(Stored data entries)
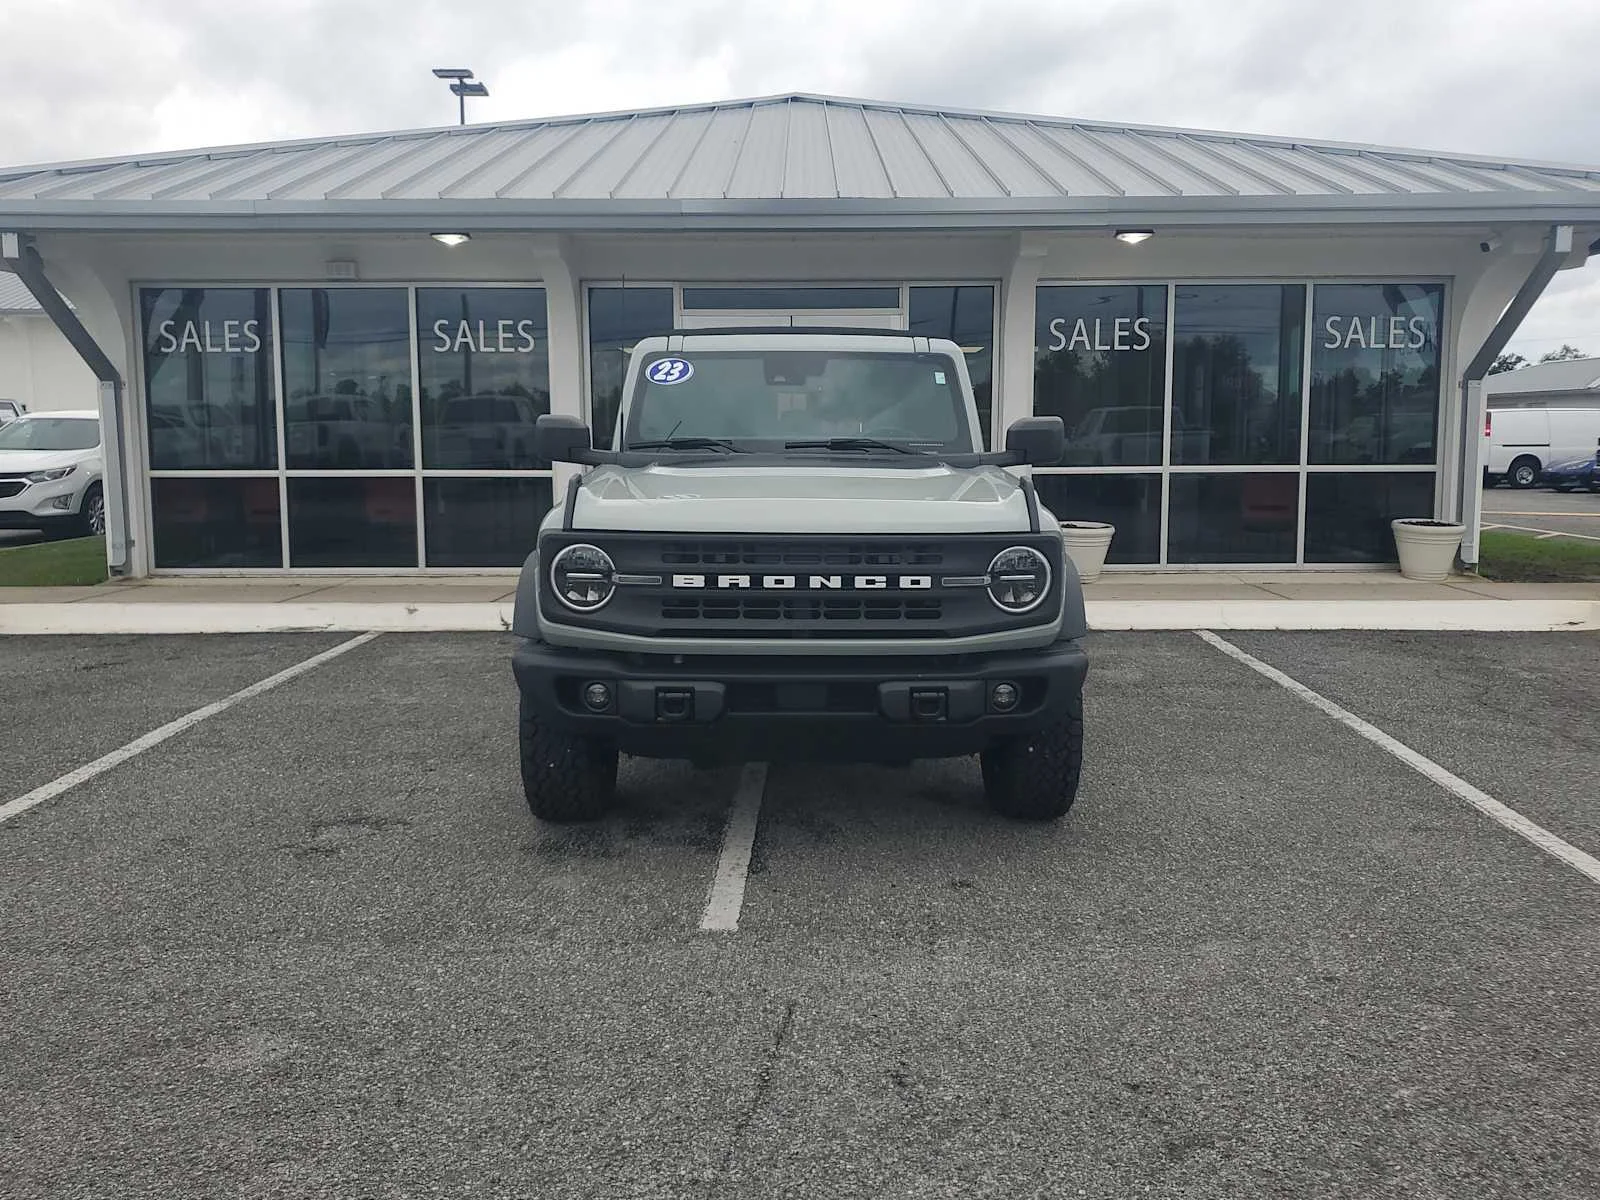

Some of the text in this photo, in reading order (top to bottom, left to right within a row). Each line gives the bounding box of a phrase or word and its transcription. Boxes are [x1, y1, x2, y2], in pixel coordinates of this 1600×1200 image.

[160, 320, 261, 353] SALES
[433, 319, 536, 353] SALES
[1049, 317, 1151, 351] SALES
[1324, 316, 1425, 349] SALES
[653, 361, 685, 381] 23
[672, 574, 932, 589] BRONCO

--- WHAT IS BEING ASKED ---
Could you please return the entries above exactly, minus the pictures?

--- SOLUTION TO THE PROBLEM ---
Some of the text in this photo, in reading order (top to bottom, left to right within a row). Each line gives the bounding box of a phrase or word and its transcription. Boxes are [x1, y1, x2, y2], in pixel coordinates of this 1600×1200 image.

[160, 320, 261, 353] SALES
[433, 319, 536, 353] SALES
[1049, 317, 1151, 351] SALES
[1324, 316, 1425, 349] SALES
[653, 361, 685, 381] 23
[672, 574, 932, 589] BRONCO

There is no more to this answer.